In Hollywood action movies there is a well-known and frequently adopted plot in which the hero, the only hope of the people, has some kind of depression or identity crisis. Despite the danger that different threats pose to the people, our hero is an alcoholic or suffers from a lack of self-confidence and even questions the purpose of life. For example, in one of the best of the "Die Hard" series, the third movie, "Die Hard with a Vengeance" from 1995, directed by John McTiernan, we see a prototype of this volatile and frustrated hero who is the only hope of the city in John McClane, as played by Bruce Willis. In this film, the brother of Hans Gruber, the head of terrorists that McClane killed in the first "Die Hard," Peter Simon Gruber, organizes various terrorist acts in New York to distract the security forces in the city so he can steal gold from the Federal Reserve Bank, and more personally, take revenge on McClane.
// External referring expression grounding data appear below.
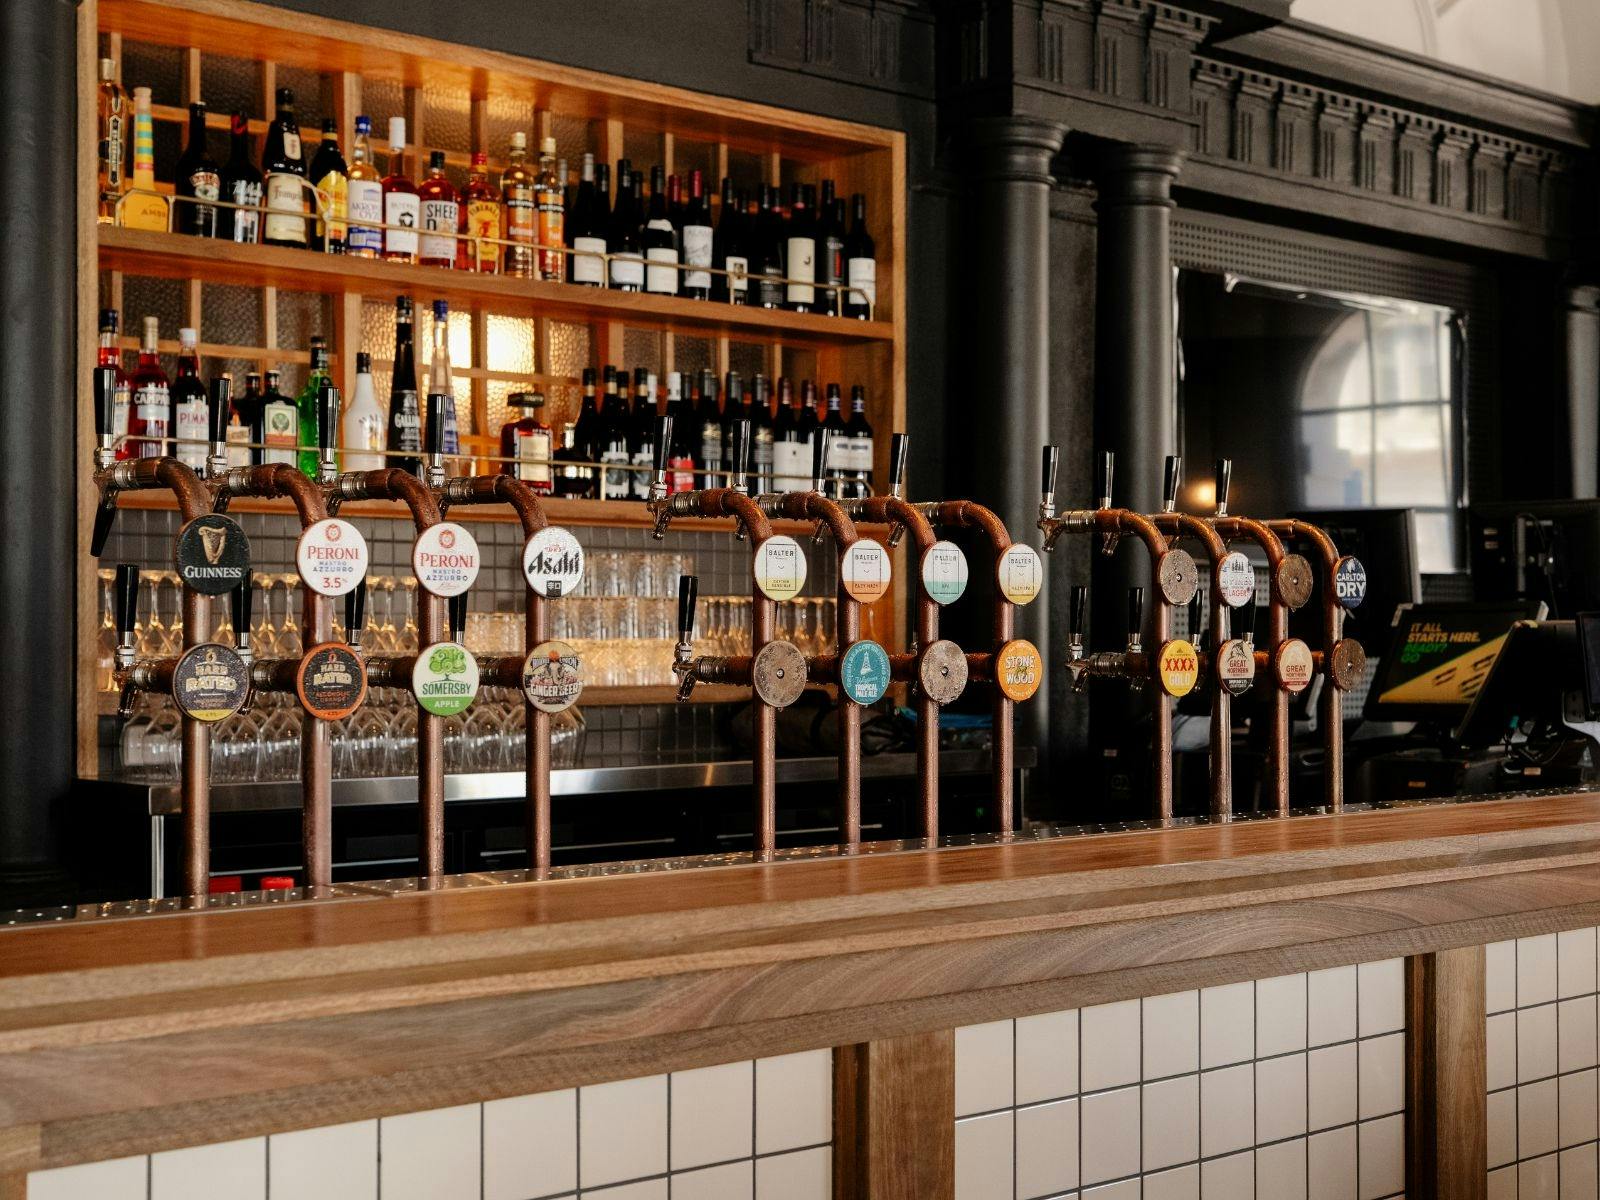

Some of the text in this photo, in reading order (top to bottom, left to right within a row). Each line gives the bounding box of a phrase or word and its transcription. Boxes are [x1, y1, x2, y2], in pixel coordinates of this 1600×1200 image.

[307, 545, 360, 560] PERONI
[768, 549, 794, 557] BALTER
[420, 552, 474, 568] PERONI
[528, 550, 580, 575] Asahi
[183, 565, 243, 579] GUINNESS
[1336, 572, 1365, 581] CARLTON
[1336, 581, 1366, 598] DRY
[1411, 623, 1442, 632] IT ALL
[1408, 632, 1481, 643] STARTS HERE.
[320, 663, 346, 672] HARD
[1006, 656, 1035, 669] STONE
[1165, 658, 1195, 671] XXXX
[1229, 660, 1246, 668] GREAT
[196, 663, 229, 676] HARD
[185, 675, 237, 692] RATED
[313, 671, 352, 686] RATED
[1006, 671, 1035, 685] WOOD
[1168, 673, 1191, 687] GOLD
[422, 682, 471, 695] SOMERSBY
[530, 682, 558, 697] GINGER
[434, 700, 461, 708] APPLE
While he commits these crimes, McClane tries to find the bombs planted in the city, catch Gruber and deal with his personal crisis with his wife Holly. In fact, finding a new purpose in life saves him from further going down the spiral of a lack of self-confidence and crises in his personal life in part with the help of his accidental partner Zeus.While reading Jeffrey Goldberg's lengthy interview with U.S. President Obama in The Atlantic monthly last week, I could not stop thinking about these action movie clichés and crises of identity of superpowers in international relations. There are so many things to write about the interview and Obama's statements about crises in different parts of the world, such as the background of the chemical weapons deal with Syria, which we earlier thought was Moscow taking advantage of U.S. Secretary of State John Kerry's impromptu suggestion about the possibility for Bashar Assad to rescue himself from U.S. airstrikes and his opinion about the war in Libya.
There are also too many confusing statements, such as his critique of Turkey for not using its "enormous military" to bring stability to Syria. For an administration that resisted the idea of a no-fly zone and championed the "no boots on the ground" talking point, it is troubling to hear this kind of accusation of a NATO ally. Obama seems to be disappointed by so many U.S. allies and friendly countries. Through these expressions of disappointment, we understand that frequent leaks about U.S. frustration come directly from Obama. And it should not be forgotten that Obama is also angry at foreign policy think tanks and observers in Washington. Of course, he also appears frustrated with the lack of development and resolution in many different crises around the world.
So far, the U.S. administration has been labeled an indecisive administration that spends too much time deliberating when making decisions without taking serious and timely action. And so far, we thought that the administration's most significant foreign policy motto was "Don't do stupid shit." However, while being indecisive and avoiding any risky action, the president of the world's superpower seems to accumulate a lot of disappointment, anger and frustration. It looks volatile, fragile and confused. It increasingly looks like the hero needs a sense of purpose in the world.